III. ЖЕНЩИНА-ПУТЬ, ЖЕНЩИНА-ЗАМОК, ЖЕНЩИНА-ТУПИК

          Хоте спорьте, хотите, нет, но я уверен, что все мужчины это кроты, спелеологи, диггеры, что, обитая в привычном пространстве жизни, и может, даже постылом от его ежедневного употребления, они всегда ищут вход, а точнее выход в иное, в некий необычный удивительный мир, попадая в который, они вдруг почувствуют себя не каким-то зевающим от скуки обывателем, а воином, отважным и дерзким искателем приключений, создателем новых смыслов и миров. И Женщина в этой системе интересов и координат есть один из главных входов в Иное, по крайней мере, своей биологией, физикой, психикой она заявляет это.

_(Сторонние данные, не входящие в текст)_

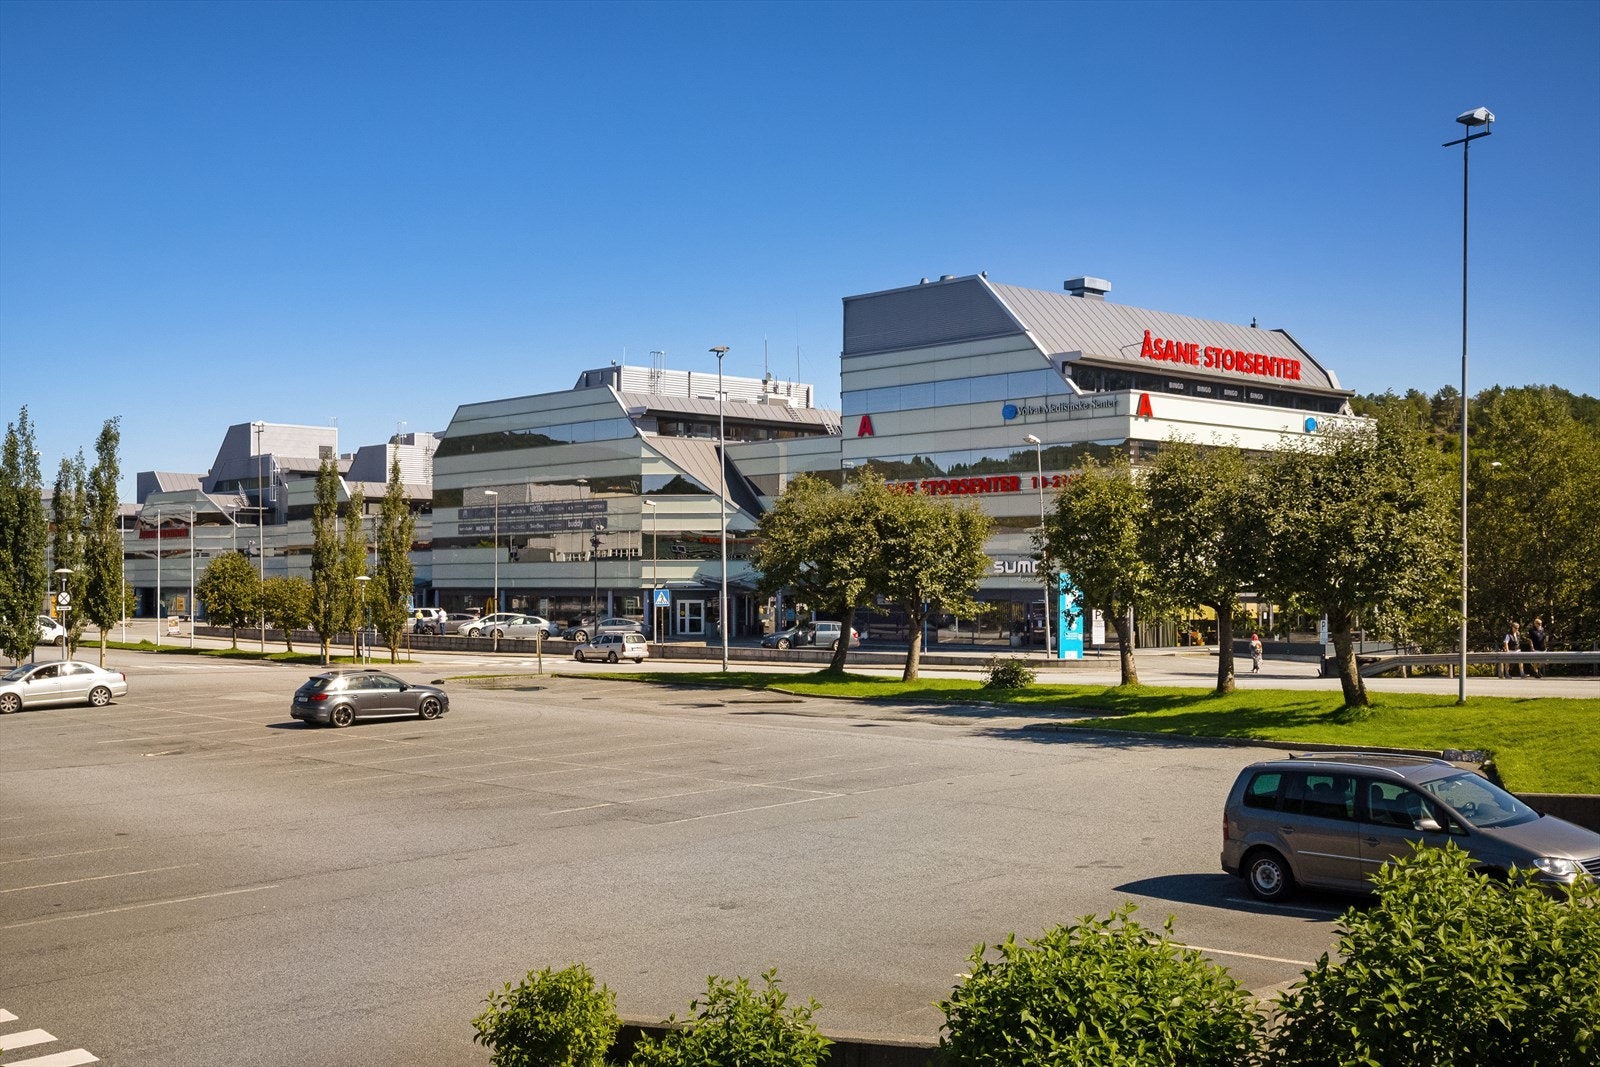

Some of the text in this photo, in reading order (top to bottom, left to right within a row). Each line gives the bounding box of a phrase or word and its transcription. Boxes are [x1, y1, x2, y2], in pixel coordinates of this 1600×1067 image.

[1140, 329, 1302, 381] ÅSANE STORSENTER
[1168, 381, 1184, 390] BINGO
[1196, 385, 1212, 394] BINGO
[1223, 388, 1239, 397] BINGO
[1249, 392, 1264, 400] BINGO
[1044, 400, 1089, 414] Medisinske
[1090, 399, 1119, 411] Senter
[1135, 392, 1154, 419] A
[857, 414, 875, 439] A
[920, 475, 1021, 496] STORSENTER
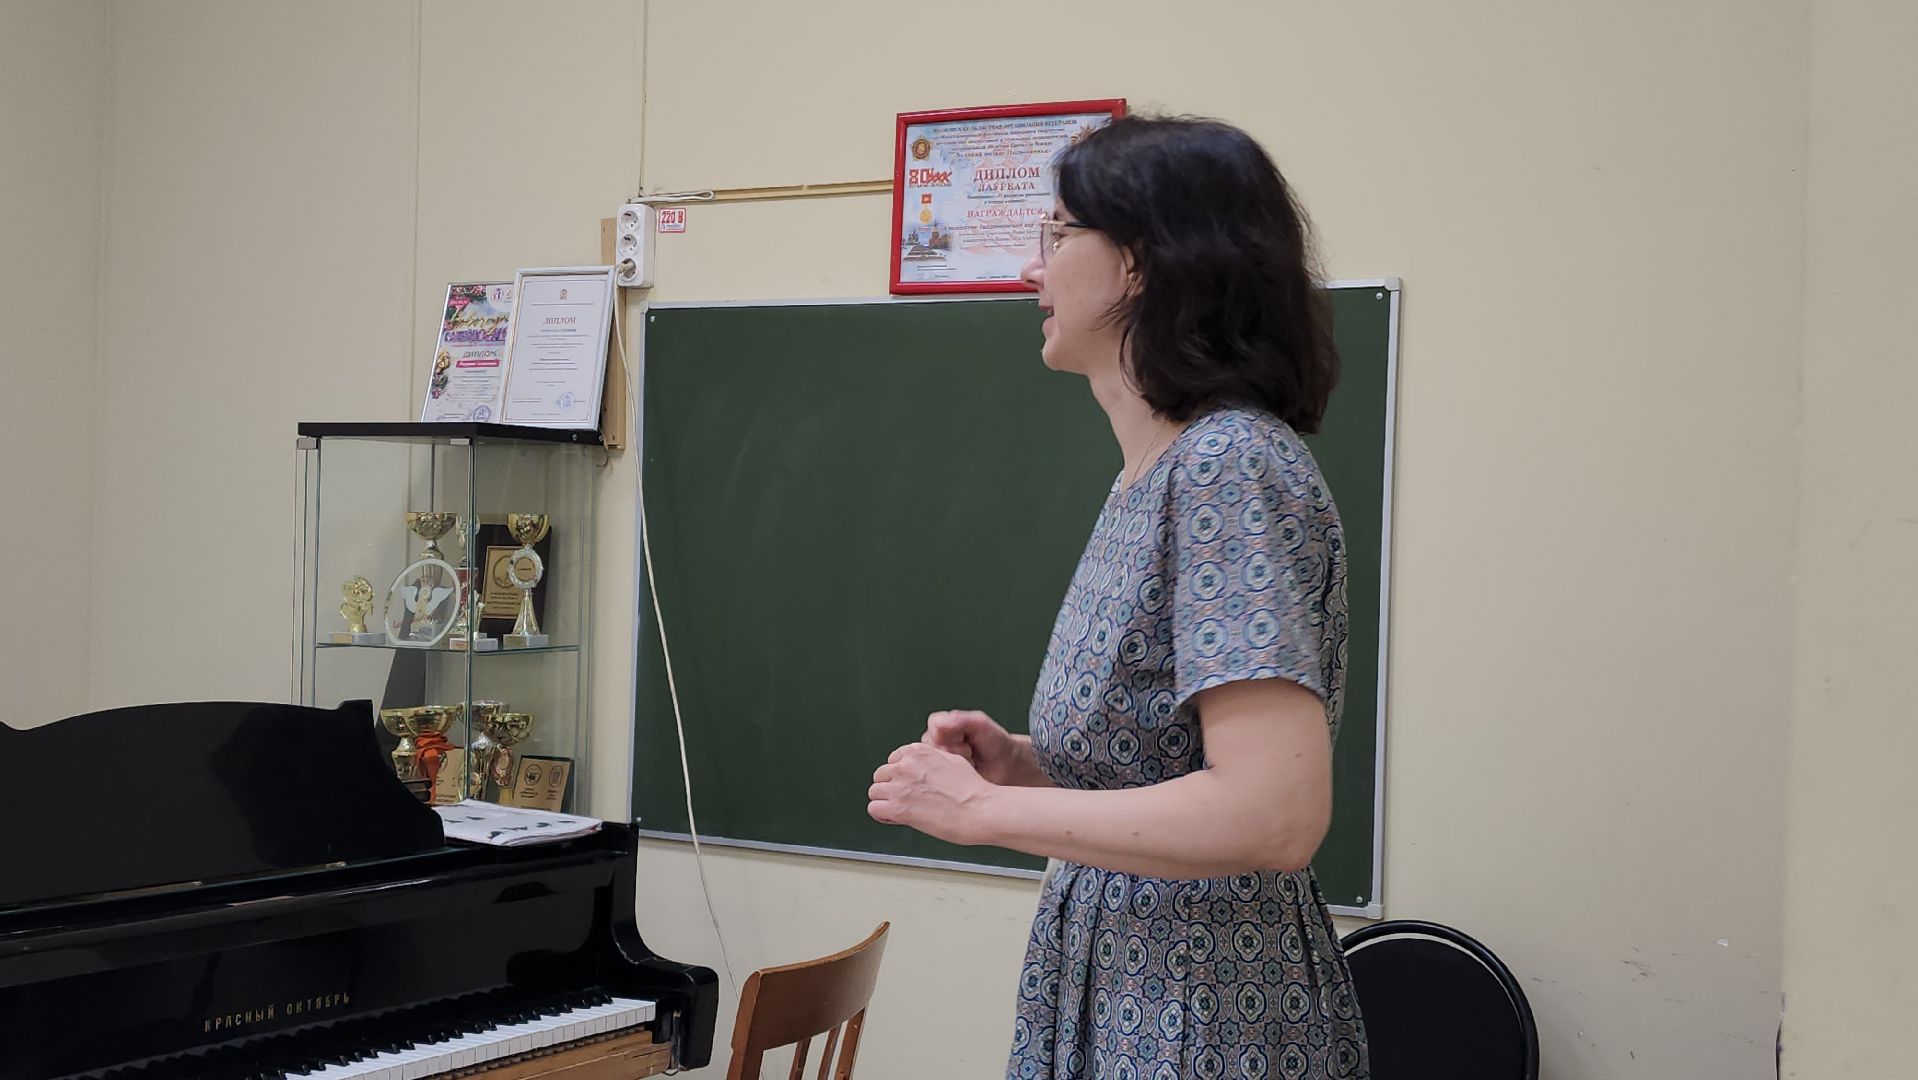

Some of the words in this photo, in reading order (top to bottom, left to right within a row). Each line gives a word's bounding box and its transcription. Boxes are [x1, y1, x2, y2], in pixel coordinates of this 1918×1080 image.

[974, 166, 1040, 182] ДИПЛОМ
[978, 181, 1036, 192] ЛАУРЕАТА
[661, 210, 675, 223] 220
[967, 207, 1043, 218] НАГРАЖДАЕТСЯ
[542, 316, 576, 325] ДИПЛОМ
[204, 1004, 275, 1032] КРАСНЫЙ
[286, 992, 350, 1015] ОКТЯБРЬ

          Итак, ты уже не маньяк, пусть даже самый нежный на свете, а просто мужчина, любовник, партнер, ты влюбляешься в женщину, ты ее боготворишь, ты ее изучаешь во всех возможных пределах, ты постигаешь, проникаешь в нее, как диггер, и, постигая – а чувство ведь со временем рассеивается! –  ты понимаешь, что она… – давайте будем говорить в категориях архитектуры, – представляет собой объем, к примеру, комнату или несколько, и может, даже многокомнатную квартиру, и изучив ее вдоль и поперек, ты упираешься в тупик, ибо все в ней тебе уже знакомо, перед тобой стена, а в ней, к примеру, дверь, с последующим деторождением. И, постигнув эту непреложную данность, этот тупик, если тебе не нужна эта дверь, ты ищешь уже Другое, некую другую женщину, более глубокую, с большим внутренним объемом и с более причудливой внутренней архитектурой, которая взволновала бы тебя, возбудила бы в тебе новый – к ней и, значит, к жизни интерес.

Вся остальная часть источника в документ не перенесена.